The majority of web developers using modern languages such as Java, PHP, or .NET will be familiar with the concept of user sessions. These are an afterthought, bolted onto application servers to provide the missing server-side state in the HTTP protocol. HTTP does what it was originally designed for very well, and it has been adapted to reach far beyond that with considerable ingenuity. However, the key feature of our asynchronous callback solution is that the client gets notified twice: once when the thread is spawned and again when the thread is completed. Straightforward HTTP and the classic web application model can’t do this for us.
The classic web app model, as used by Amazon, for example, is still built around the notion of pages. A document is displayed to the user, containing lists of links and/or form elements that allow them to drill down to further documents.
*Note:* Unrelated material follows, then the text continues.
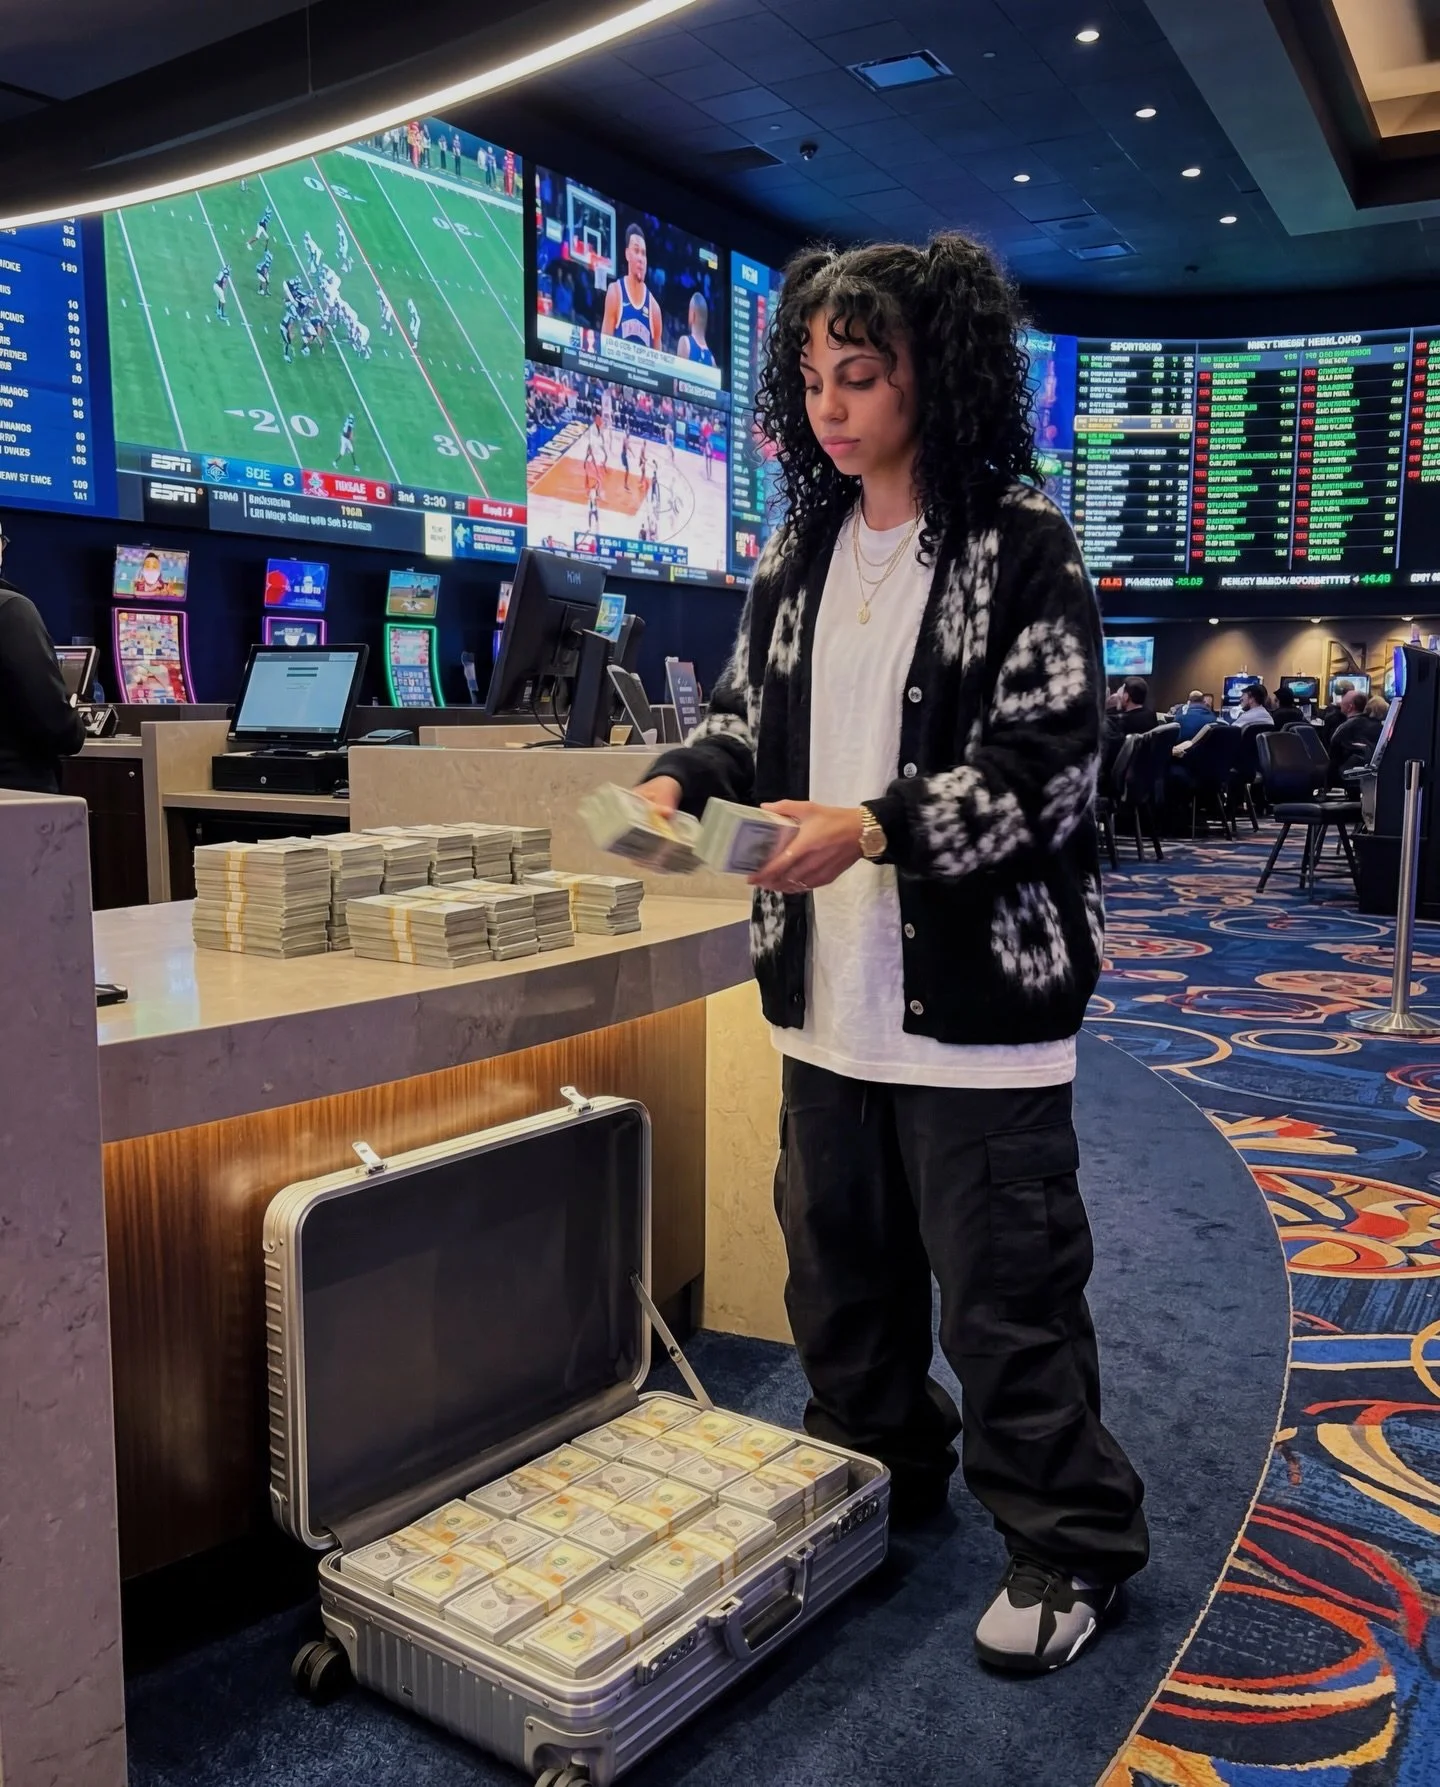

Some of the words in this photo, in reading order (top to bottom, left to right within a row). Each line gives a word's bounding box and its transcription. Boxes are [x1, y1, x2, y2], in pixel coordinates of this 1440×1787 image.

Complex datasets can be interacted with in this way on a large scale, and as Amazon and others have demonstrated, the experience of doing so can be compelling enough to build a business on.
This model of interaction has become quite deeply ingrained in our way of thinking over the ten years or so of the commercial, everyday Internet. Friendly WYSIWYG web-authoring tools visualize our site as a collection of pages. Serverside web frameworks model the transition between pages as state transition diagrams. The classic web application is firmly wedded to the unavoidable lack of responsiveness when the page refreshes, without an easy recourse to the asynchronous handler solution.